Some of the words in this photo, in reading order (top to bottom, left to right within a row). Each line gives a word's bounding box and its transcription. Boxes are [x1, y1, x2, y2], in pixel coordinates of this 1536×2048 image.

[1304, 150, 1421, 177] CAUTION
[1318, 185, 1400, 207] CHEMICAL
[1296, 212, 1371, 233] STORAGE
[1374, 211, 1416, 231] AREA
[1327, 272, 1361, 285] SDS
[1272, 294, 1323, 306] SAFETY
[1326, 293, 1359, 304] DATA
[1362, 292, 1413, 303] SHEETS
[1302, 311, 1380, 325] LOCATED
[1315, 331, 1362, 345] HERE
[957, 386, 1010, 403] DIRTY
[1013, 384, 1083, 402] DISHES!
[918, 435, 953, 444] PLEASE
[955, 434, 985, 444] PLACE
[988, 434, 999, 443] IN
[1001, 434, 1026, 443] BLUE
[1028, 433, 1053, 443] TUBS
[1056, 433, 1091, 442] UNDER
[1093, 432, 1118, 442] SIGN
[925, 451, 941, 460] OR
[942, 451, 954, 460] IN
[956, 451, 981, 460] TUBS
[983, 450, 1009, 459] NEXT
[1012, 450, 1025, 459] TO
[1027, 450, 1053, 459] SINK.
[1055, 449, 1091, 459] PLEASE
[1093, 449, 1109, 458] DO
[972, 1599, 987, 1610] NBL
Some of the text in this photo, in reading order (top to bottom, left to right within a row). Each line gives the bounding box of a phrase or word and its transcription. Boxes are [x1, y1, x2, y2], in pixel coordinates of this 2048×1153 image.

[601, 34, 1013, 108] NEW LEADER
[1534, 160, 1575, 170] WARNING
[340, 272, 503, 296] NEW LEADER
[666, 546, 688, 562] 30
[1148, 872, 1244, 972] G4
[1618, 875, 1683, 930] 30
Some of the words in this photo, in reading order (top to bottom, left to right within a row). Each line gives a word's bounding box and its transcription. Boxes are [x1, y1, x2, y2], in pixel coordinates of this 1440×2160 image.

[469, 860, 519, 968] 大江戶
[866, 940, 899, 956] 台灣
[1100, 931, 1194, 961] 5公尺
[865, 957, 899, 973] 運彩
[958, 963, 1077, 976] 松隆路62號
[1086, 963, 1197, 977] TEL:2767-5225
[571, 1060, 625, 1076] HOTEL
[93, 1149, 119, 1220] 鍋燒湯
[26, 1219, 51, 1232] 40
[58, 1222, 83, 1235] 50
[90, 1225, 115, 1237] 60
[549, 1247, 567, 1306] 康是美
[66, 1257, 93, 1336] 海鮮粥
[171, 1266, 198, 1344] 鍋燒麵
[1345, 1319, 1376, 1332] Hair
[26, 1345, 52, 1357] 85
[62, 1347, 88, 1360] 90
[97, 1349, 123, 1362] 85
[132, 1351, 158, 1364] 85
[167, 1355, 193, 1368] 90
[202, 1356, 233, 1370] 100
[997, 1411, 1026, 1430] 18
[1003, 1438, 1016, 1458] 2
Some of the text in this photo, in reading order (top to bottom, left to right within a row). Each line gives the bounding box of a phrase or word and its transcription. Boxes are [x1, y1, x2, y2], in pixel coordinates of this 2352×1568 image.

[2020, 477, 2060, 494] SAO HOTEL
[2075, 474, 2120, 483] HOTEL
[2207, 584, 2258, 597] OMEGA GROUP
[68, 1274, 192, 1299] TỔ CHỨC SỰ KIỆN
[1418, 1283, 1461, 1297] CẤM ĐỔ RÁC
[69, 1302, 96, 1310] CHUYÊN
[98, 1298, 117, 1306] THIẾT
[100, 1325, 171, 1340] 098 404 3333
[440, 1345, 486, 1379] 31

Assignment
After finding the line that contains "this 2352×1568 image." in the records above, copy that line and each one after it exactly, through the final line.

Solution below
Some of the text in this photo, in reading order (top to bottom, left to right within a row). Each line gives the bounding box of a phrase or word and its transcription. Boxes are [x1, y1, x2, y2], in pixel coordinates of this 2352×1568 image.

[2020, 477, 2060, 494] SAO HOTEL
[2075, 474, 2120, 483] HOTEL
[2207, 584, 2258, 597] OMEGA GROUP
[68, 1274, 192, 1299] TỔ CHỨC SỰ KIỆN
[1418, 1283, 1461, 1297] CẤM ĐỔ RÁC
[69, 1302, 96, 1310] CHUYÊN
[98, 1298, 117, 1306] THIẾT
[100, 1325, 171, 1340] 098 404 3333
[440, 1345, 486, 1379] 31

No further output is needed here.